Hasil Pilkada serentak memperkuat posisi Partai Golkar
Hasil Pemilihan Kepala Daerah (Pilkada) yang berlangsung serentak pada 27 Juni 2018 di beberapa wilayah Indonesia telah selesai dilaksanakan dengan damai. Hasil Pilkada tersebut telah menempatkan Partai Golkar pada posisi yang strategis, yaitu sebagai salah satu partai kuat dalam kancah politik nasional. Dengan demikian, Jokowi tidak dapat mengabaikan atau meninggalkan Partai Golkar dalam upaya melanjutkan tampuk kepemimpinannya untuk kali kedua di periode 2019-2024. Partai Golkar memegang peranan penting dalam Pilpres 2019.
Berdasarkan hasil hitung cepat (quick count) dari sejumlah lembaga survei yang kredibel, Partai Golkar memenangkan sembilan pemilihan kepala daerah di tingkat provinsi (gubernur) dengan capaian 52,94 persen dari 17 pilgub. Di tingkat kota, memenangkan 22 pemilihan wali Kota, atau mencapai 56,41 persen dari 39 pilwalkot. Di tingkat kabupaten mampu memenangkan 48 pemilihan bupati, atau sebesar 41,74 persen dari 115 pilbup yang diselenggarakan.
Hasil tersebut, walau masih harus menunggu pengumuman resmi KPU, memperlihatkan Partai Golkar sebagai partai politik yang sudah teruji kematangannya. Disamping itu, Partai Golkar memiliki basis massa yang jelas dan kuat, terbukti mampu memenangkan pertarungan di banyak daerah dari keseluruhan 171 wilayah yang menggelar pilkada. Saat ini, dari hasil pilkada membuat Partai Golkar ibarat seorang gadis cantik yang diincar banyak parpol untuk digandeng sebagai mitra menghadapi Pileg 2019 dan Pilpres 2019.

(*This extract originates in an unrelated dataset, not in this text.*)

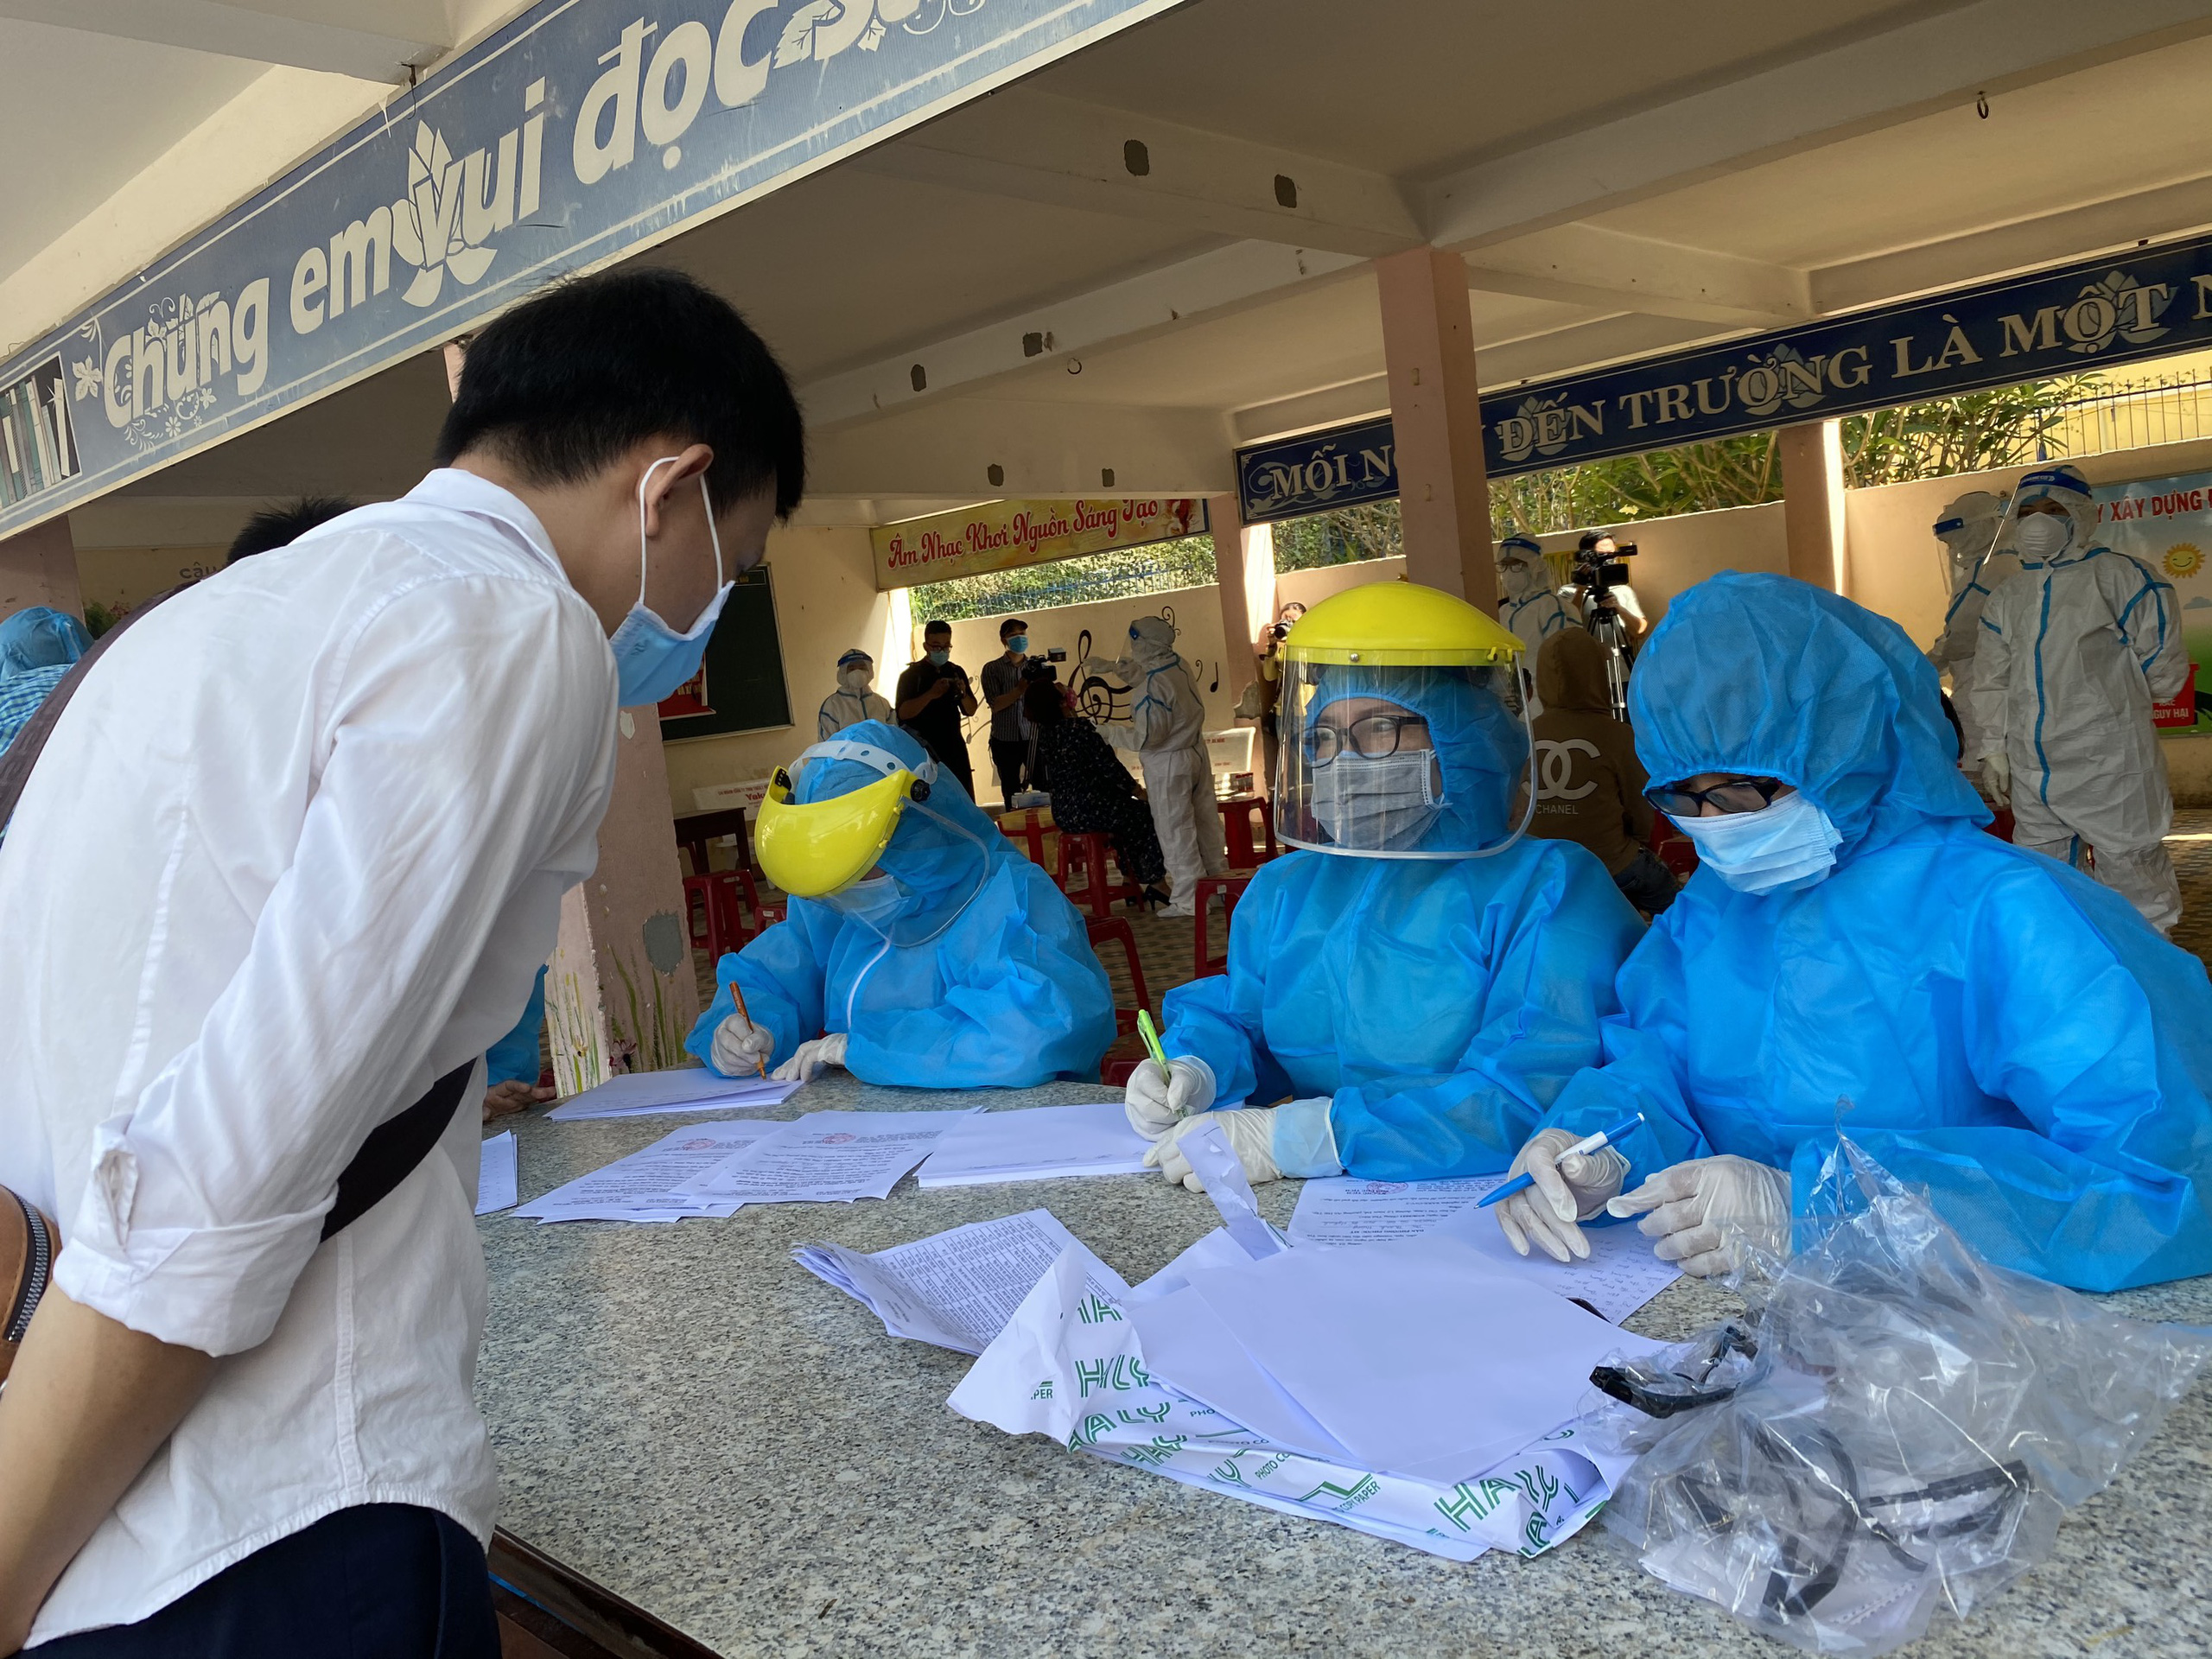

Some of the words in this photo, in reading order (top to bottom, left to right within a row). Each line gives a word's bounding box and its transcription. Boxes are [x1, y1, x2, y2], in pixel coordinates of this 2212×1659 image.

Posisi ini jelas membuat nilai tawar politik Partai Golkar semakin kuat. Keunggulan Partai Golkar dalam Pilkada serentak 2018 jelas merupakan modal besar. Kesuksesan partai dalam Pilkada ini, akan menjadi tolok ukur bagi Joko Widodo dalam menentukan sosok calon wakil presiden yang akan mendampinginya di Pilpres 2019.
Ada jarak antara Jokowi dan PDIP?
Sementara, hasil yang diperoleh oleh PDIP dalam Pilkada serentak 2018 seolah memperlihatkan bahwa partai berlambang banteng moncong putih ini melemah. Asumsi ini terlihat dari hasil Pilgub di Jawa Barat dan Jawa Tengah. Sebagai catatan, pada Pemilu 2014 lalu di Jawa Barat, PDIP berhasil menjadi pemenang dengan perolehan suara diatas 20 persen.
Sementara, di Pilgub Jawa Barat kali ini, Tb Hasanuddin-Anton Charliyan sebagai pasangan calon yang diusung oleh PDIP hanya mampu meraup perolehan suara sebesar 12,65 persen. Di Jawa Tengah, perolehan suara pasangan calon PDIP, yaitu Ganjar Pranowo-Taj Yasin sebelumnya digembar-gemborkan mampu meraih suara diatas 60 persen, bahkan, menyebutkan angka 70 persen sebagai target awal PDIP.
Nyatanya, secara hitungan cepat, pasangan ini hanya mampu meraih suara 53,36 persen, jauh di bawah target awal yang telah ditetapkan. Sementara pasangan calon yang menjadi pesaingnya, yaitu Sudirman Said-Ida Fauziah mampu membalikkan prediksi dengan meraup sebesar 41,20 persen suara. Tentu saja, kenyataan ini membuat posisi dan kekuatan tawar-menawar PDIP mulai melemah di hadapan Jokowi, seiring dengan melemahnya pencapaian PDIP di Jabar dan Jateng.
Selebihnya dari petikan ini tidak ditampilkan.